- [EXERCISE BRIEF] Retype the records in full, and please keep the pictures out of the copy.

- [RECORDS TO PROCESS]
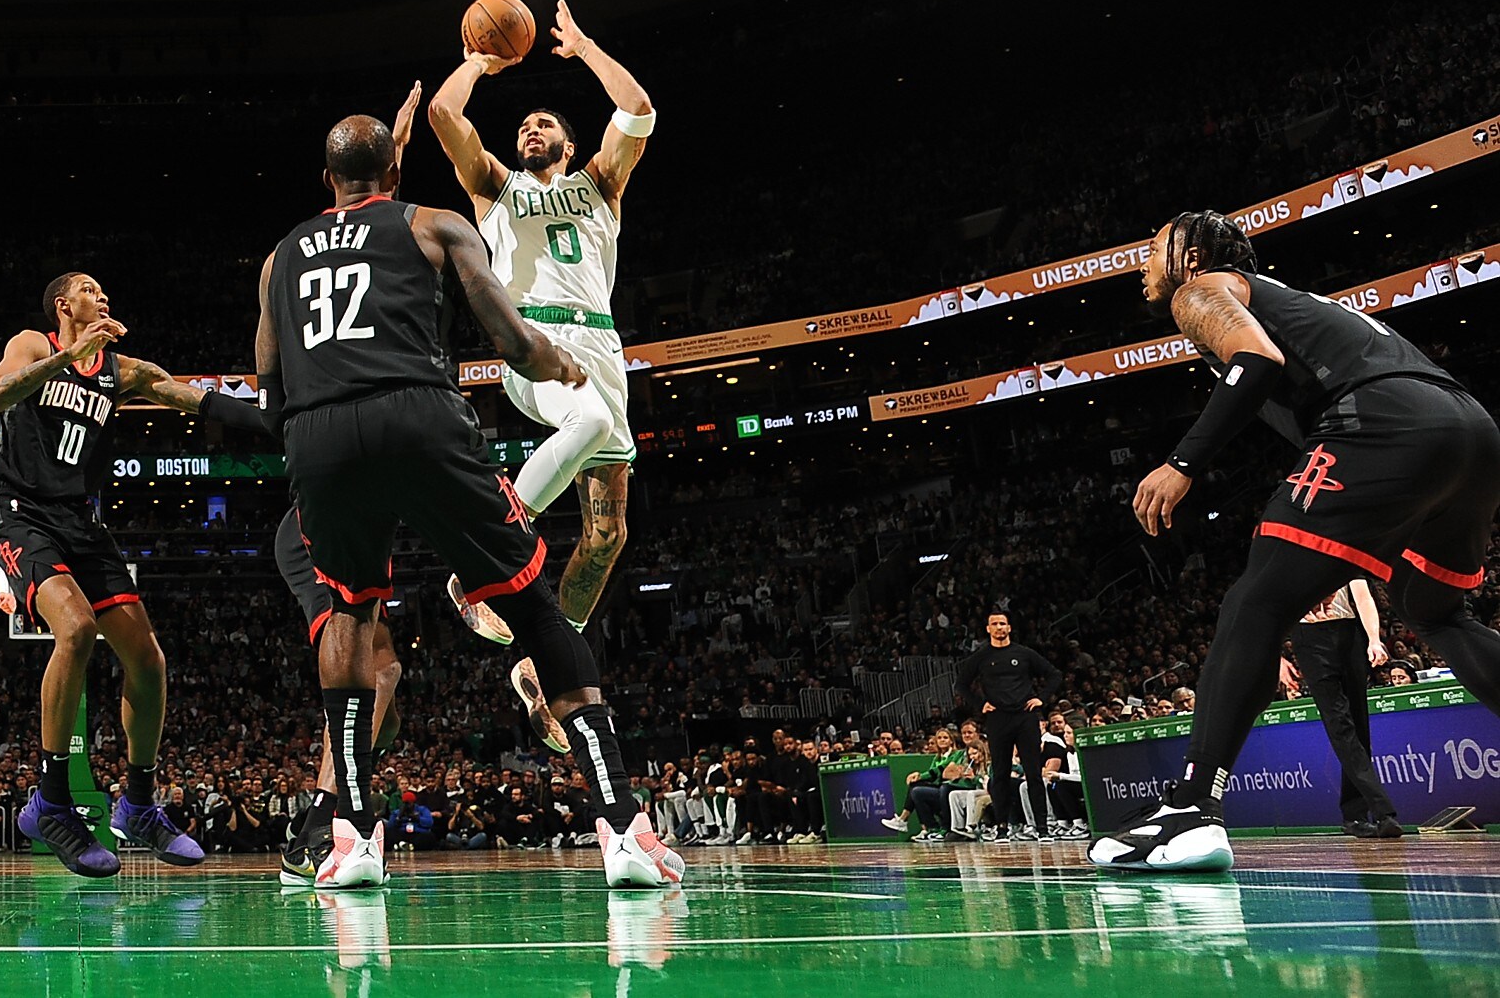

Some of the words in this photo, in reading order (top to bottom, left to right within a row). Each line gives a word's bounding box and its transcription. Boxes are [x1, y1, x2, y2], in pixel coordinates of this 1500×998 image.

[513, 187, 595, 220] CELTICS
[299, 224, 371, 259] GREEN
[545, 222, 583, 265] 0
[1033, 247, 1150, 289] UNEXPECTE
[299, 262, 375, 350] 32
[820, 309, 892, 330] SKREWBALL
[39, 381, 113, 427] HOUSTON
[899, 386, 969, 406] SKREWBALL
[739, 419, 759, 433] TD
[764, 415, 794, 429] Bank
[804, 409, 835, 424] 7:35
[837, 405, 859, 421] PM
[57, 420, 87, 466] 10
[499, 451, 507, 462] 5
[113, 459, 141, 477] 30
[156, 458, 210, 476] BOSTON
[1102, 777, 1127, 800] The
[1130, 776, 1160, 798] next
[1244, 762, 1313, 791] network
[840, 790, 870, 820] xfinity
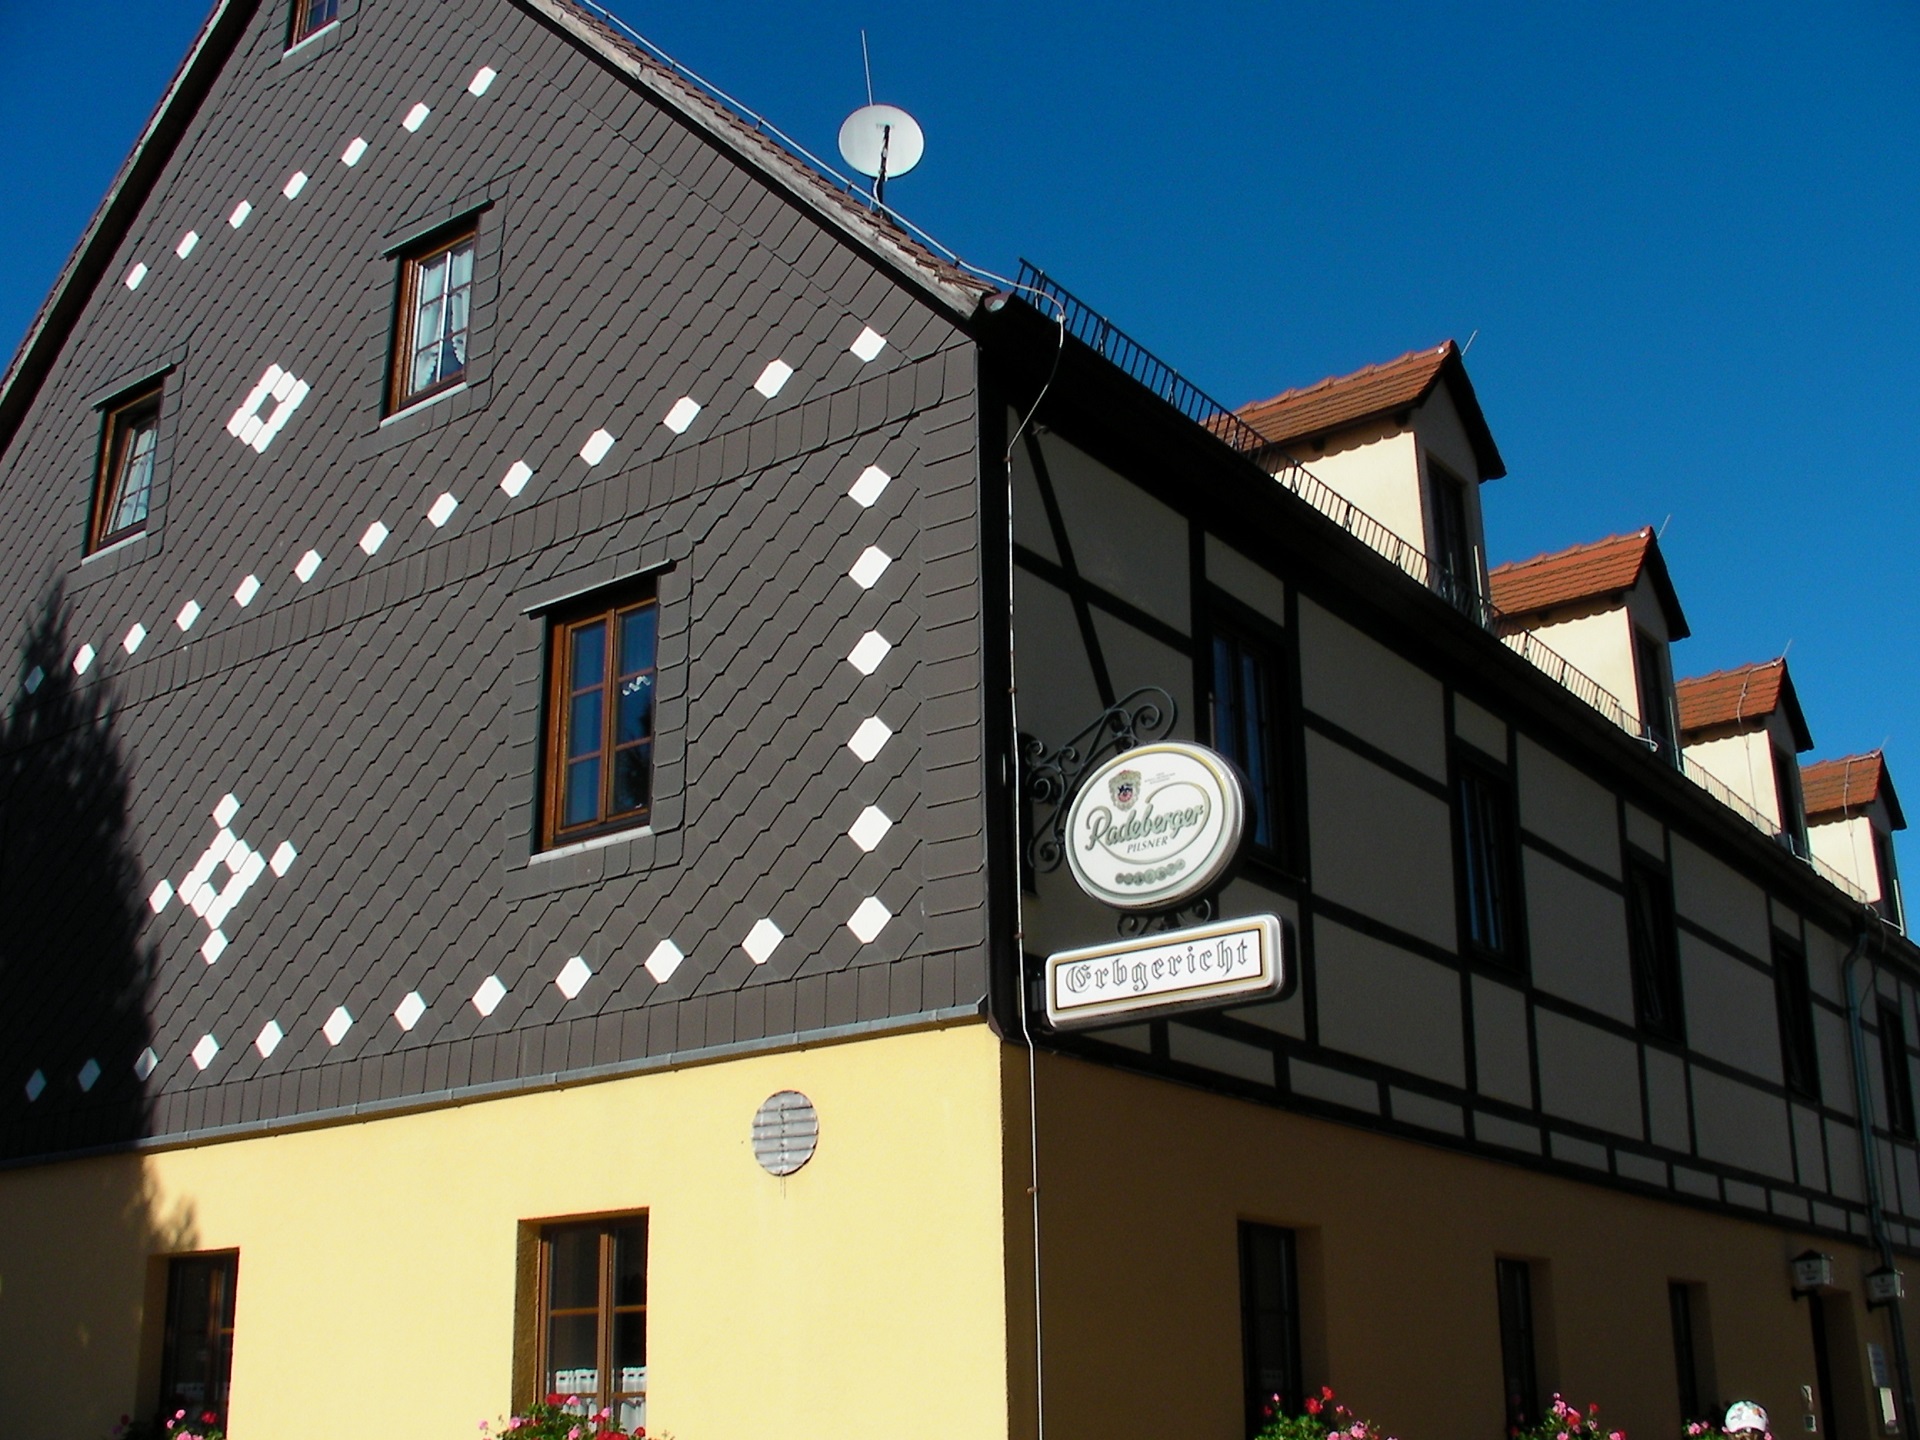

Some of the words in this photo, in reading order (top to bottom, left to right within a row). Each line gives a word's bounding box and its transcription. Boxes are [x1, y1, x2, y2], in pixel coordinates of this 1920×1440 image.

[1085, 804, 1204, 851] Radeberger
[1126, 836, 1169, 854] PILSNER
[1065, 938, 1248, 994] Erbgericht
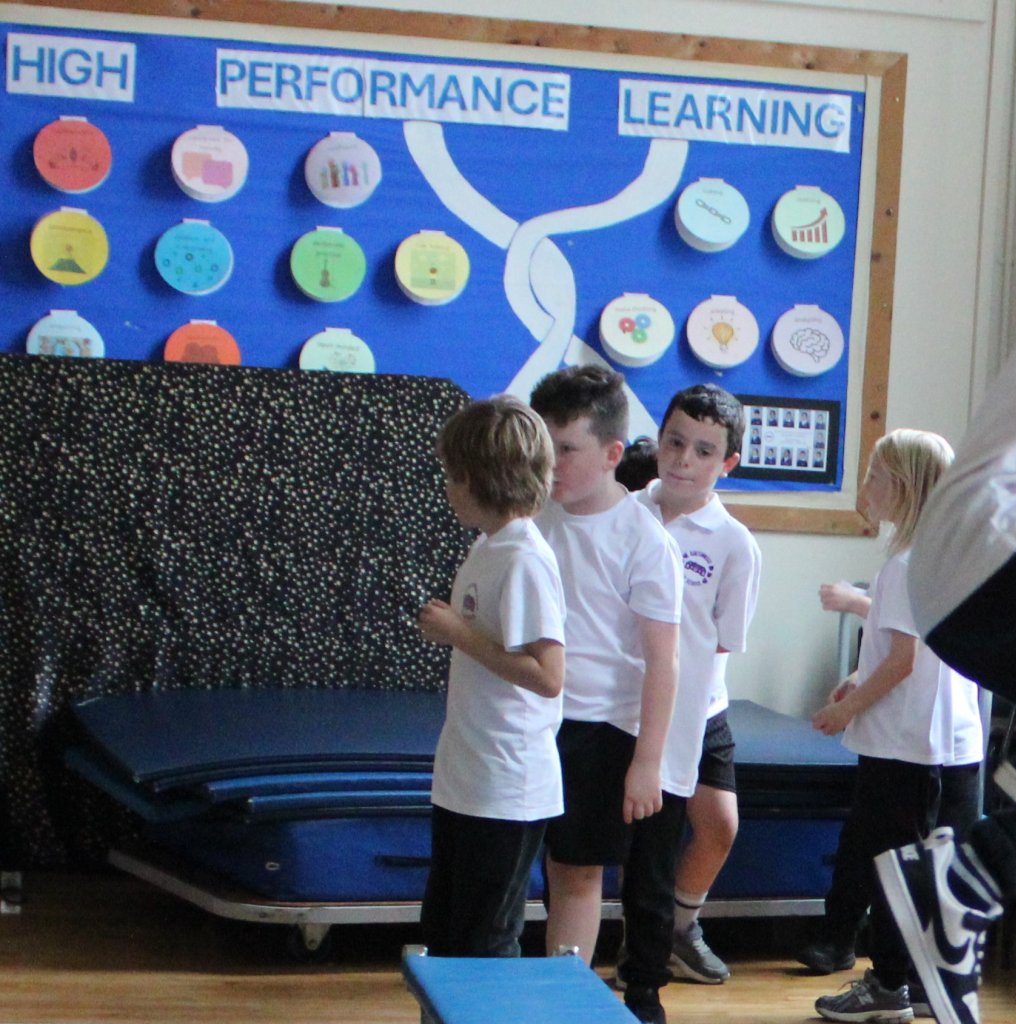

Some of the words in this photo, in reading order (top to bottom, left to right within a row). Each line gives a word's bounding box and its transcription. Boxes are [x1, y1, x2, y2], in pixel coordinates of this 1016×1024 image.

[12, 44, 128, 90] HIGH
[219, 58, 565, 118] PERFORMANCE
[623, 87, 846, 138] LEARNING
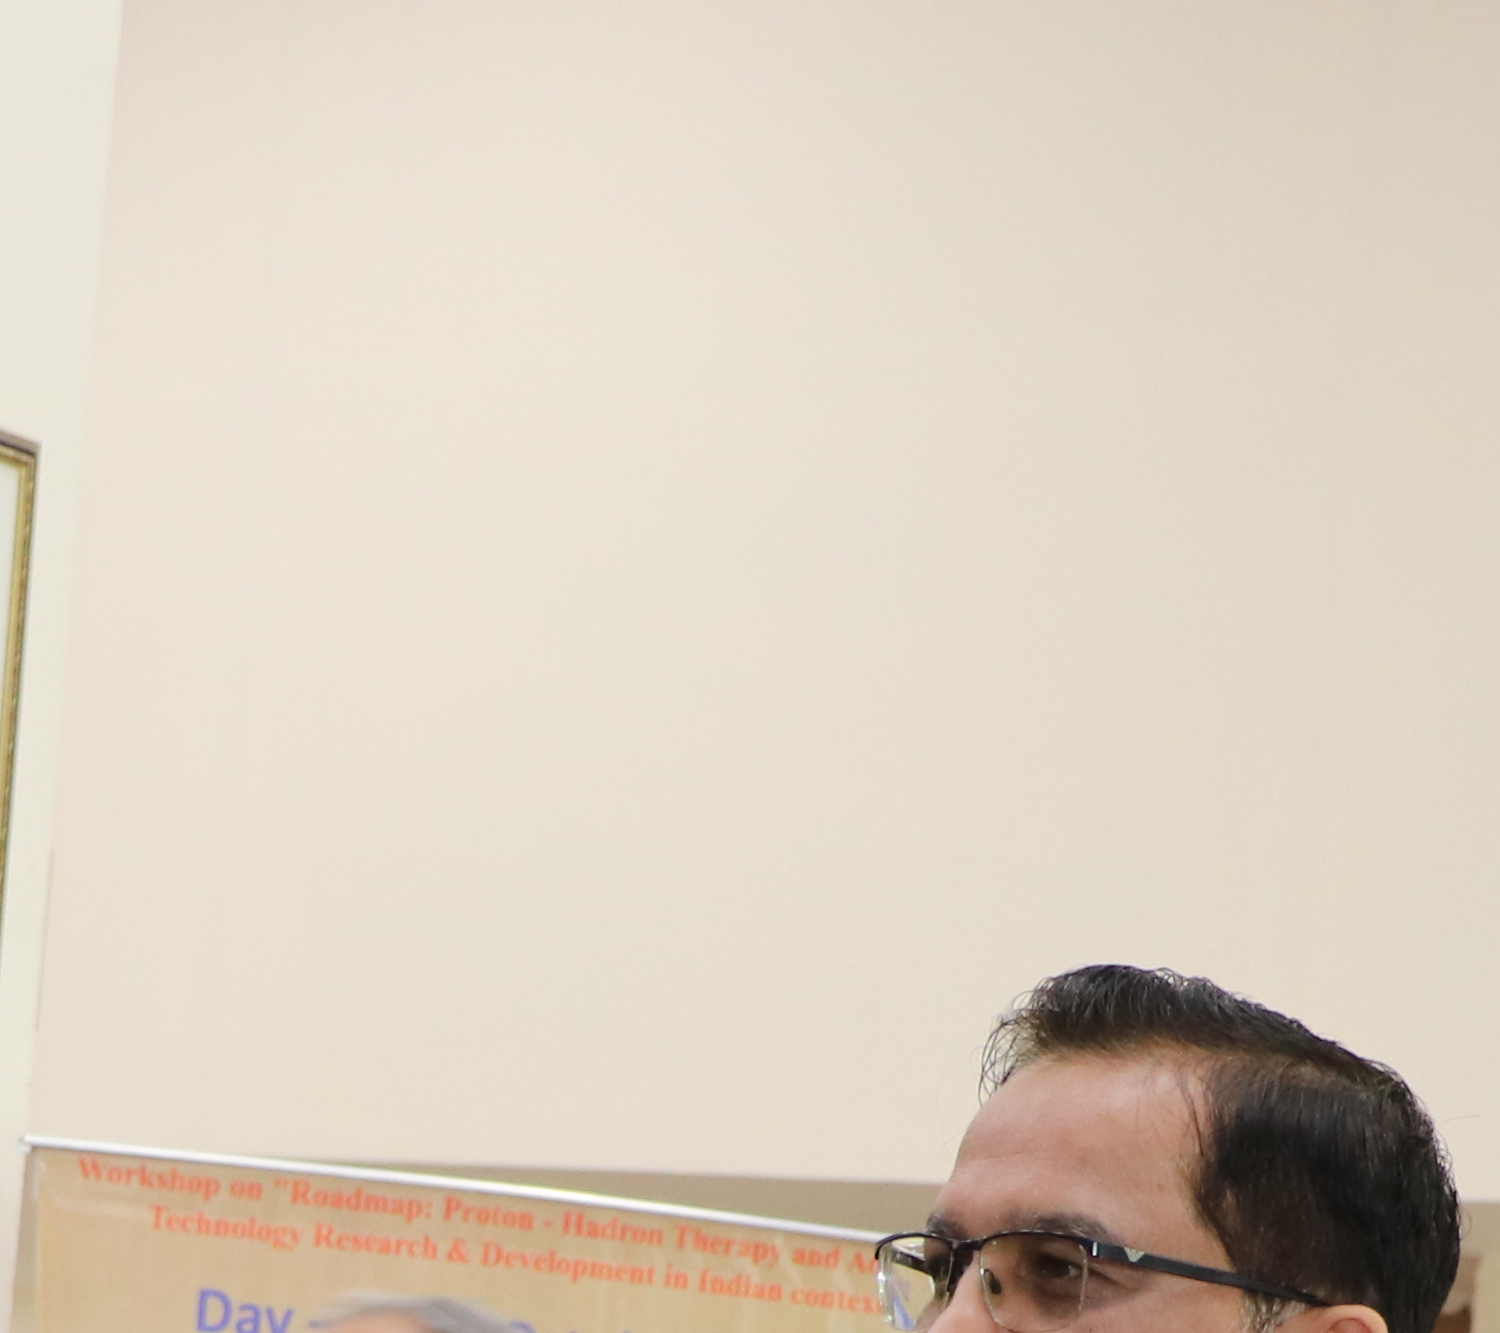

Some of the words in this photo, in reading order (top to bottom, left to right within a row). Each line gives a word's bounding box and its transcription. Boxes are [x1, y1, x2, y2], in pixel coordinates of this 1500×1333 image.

[79, 1157, 221, 1200] Workshop
[230, 1175, 263, 1200] on
[274, 1176, 434, 1224] "Roadmap:
[443, 1197, 536, 1231] Proton
[563, 1210, 665, 1248] Hadron
[676, 1225, 782, 1271] Therapy
[792, 1242, 843, 1271] and
[151, 1203, 304, 1251] Technology
[314, 1223, 438, 1261] Research
[447, 1239, 471, 1264] &
[482, 1241, 656, 1284] Development
[664, 1263, 690, 1290] in
[699, 1269, 784, 1303] Indian

- [RESPONSE AREA]
Some of the words in this photo, in reading order (top to bottom, left to right within a row). Each line gives a word's bounding box and its transcription. Boxes are [x1, y1, x2, y2], in pixel coordinates of this 1500×998 image.

[513, 187, 595, 220] CELTICS
[299, 224, 371, 259] GREEN
[545, 222, 583, 265] 0
[1033, 247, 1150, 289] UNEXPECTE
[299, 262, 375, 350] 32
[820, 309, 892, 330] SKREWBALL
[39, 381, 113, 427] HOUSTON
[899, 386, 969, 406] SKREWBALL
[739, 419, 759, 433] TD
[764, 415, 794, 429] Bank
[804, 409, 835, 424] 7:35
[837, 405, 859, 421] PM
[57, 420, 87, 466] 10
[499, 451, 507, 462] 5
[113, 459, 141, 477] 30
[156, 458, 210, 476] BOSTON
[1102, 777, 1127, 800] The
[1130, 776, 1160, 798] next
[1244, 762, 1313, 791] network
[840, 790, 870, 820] xfinity

Some of the words in this photo, in reading order (top to bottom, left to right within a row). Each line gives a word's bounding box and its transcription. Boxes are [x1, y1, x2, y2], in pixel coordinates of this 1920×1440 image.

[1085, 804, 1204, 851] Radeberger
[1126, 836, 1169, 854] PILSNER
[1065, 938, 1248, 994] Erbgericht

Some of the words in this photo, in reading order (top to bottom, left to right within a row). Each line gives a word's bounding box and its transcription. Boxes are [x1, y1, x2, y2], in pixel coordinates of this 1016×1024 image.

[12, 44, 128, 90] HIGH
[219, 58, 565, 118] PERFORMANCE
[623, 87, 846, 138] LEARNING

Some of the words in this photo, in reading order (top to bottom, left to right within a row). Each line gives a word's bounding box and its transcription. Boxes are [x1, y1, x2, y2], in pixel coordinates of this 1500×1333 image.

[79, 1157, 221, 1200] Workshop
[230, 1175, 263, 1200] on
[274, 1176, 434, 1224] "Roadmap:
[443, 1197, 536, 1231] Proton
[563, 1210, 665, 1248] Hadron
[676, 1225, 782, 1271] Therapy
[792, 1242, 843, 1271] and
[151, 1203, 304, 1251] Technology
[314, 1223, 438, 1261] Research
[447, 1239, 471, 1264] &
[482, 1241, 656, 1284] Development
[664, 1263, 690, 1290] in
[699, 1269, 784, 1303] Indian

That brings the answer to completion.